• **About this task**:
The response should contain every entry, reproduced exactly.

··· Dataset excerpts ···

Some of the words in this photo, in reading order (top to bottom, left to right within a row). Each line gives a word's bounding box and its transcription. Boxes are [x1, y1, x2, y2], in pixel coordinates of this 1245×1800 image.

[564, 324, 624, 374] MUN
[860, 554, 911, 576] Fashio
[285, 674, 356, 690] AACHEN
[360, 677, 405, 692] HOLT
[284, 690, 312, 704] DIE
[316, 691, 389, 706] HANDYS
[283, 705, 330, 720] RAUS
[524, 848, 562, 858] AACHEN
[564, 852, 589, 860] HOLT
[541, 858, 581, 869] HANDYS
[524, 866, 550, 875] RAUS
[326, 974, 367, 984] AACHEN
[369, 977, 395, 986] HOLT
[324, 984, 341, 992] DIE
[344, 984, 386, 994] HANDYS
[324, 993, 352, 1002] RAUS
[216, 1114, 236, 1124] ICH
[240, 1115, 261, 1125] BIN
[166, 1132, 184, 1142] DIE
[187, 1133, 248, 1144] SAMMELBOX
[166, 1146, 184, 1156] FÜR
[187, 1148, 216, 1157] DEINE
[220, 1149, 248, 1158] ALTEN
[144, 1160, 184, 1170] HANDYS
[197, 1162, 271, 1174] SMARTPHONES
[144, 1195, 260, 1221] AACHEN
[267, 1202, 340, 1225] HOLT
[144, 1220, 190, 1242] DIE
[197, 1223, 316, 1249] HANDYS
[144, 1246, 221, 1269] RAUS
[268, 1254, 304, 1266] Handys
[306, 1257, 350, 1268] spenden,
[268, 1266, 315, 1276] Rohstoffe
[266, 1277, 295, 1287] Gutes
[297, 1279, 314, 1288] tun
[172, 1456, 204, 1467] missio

···

• **Solution for this task**:
Some of the words in this photo, in reading order (top to bottom, left to right within a row). Each line gives a word's bounding box and its transcription. Boxes are [x1, y1, x2, y2], in pixel coordinates of this 1245×1800 image.

[564, 324, 624, 374] MUN
[860, 554, 911, 576] Fashio
[285, 674, 356, 690] AACHEN
[360, 677, 405, 692] HOLT
[284, 690, 312, 704] DIE
[316, 691, 389, 706] HANDYS
[283, 705, 330, 720] RAUS
[524, 848, 562, 858] AACHEN
[564, 852, 589, 860] HOLT
[541, 858, 581, 869] HANDYS
[524, 866, 550, 875] RAUS
[326, 974, 367, 984] AACHEN
[369, 977, 395, 986] HOLT
[324, 984, 341, 992] DIE
[344, 984, 386, 994] HANDYS
[324, 993, 352, 1002] RAUS
[216, 1114, 236, 1124] ICH
[240, 1115, 261, 1125] BIN
[166, 1132, 184, 1142] DIE
[187, 1133, 248, 1144] SAMMELBOX
[166, 1146, 184, 1156] FÜR
[187, 1148, 216, 1157] DEINE
[220, 1149, 248, 1158] ALTEN
[144, 1160, 184, 1170] HANDYS
[197, 1162, 271, 1174] SMARTPHONES
[144, 1195, 260, 1221] AACHEN
[267, 1202, 340, 1225] HOLT
[144, 1220, 190, 1242] DIE
[197, 1223, 316, 1249] HANDYS
[144, 1246, 221, 1269] RAUS
[268, 1254, 304, 1266] Handys
[306, 1257, 350, 1268] spenden,
[268, 1266, 315, 1276] Rohstoffe
[266, 1277, 295, 1287] Gutes
[297, 1279, 314, 1288] tun
[172, 1456, 204, 1467] missio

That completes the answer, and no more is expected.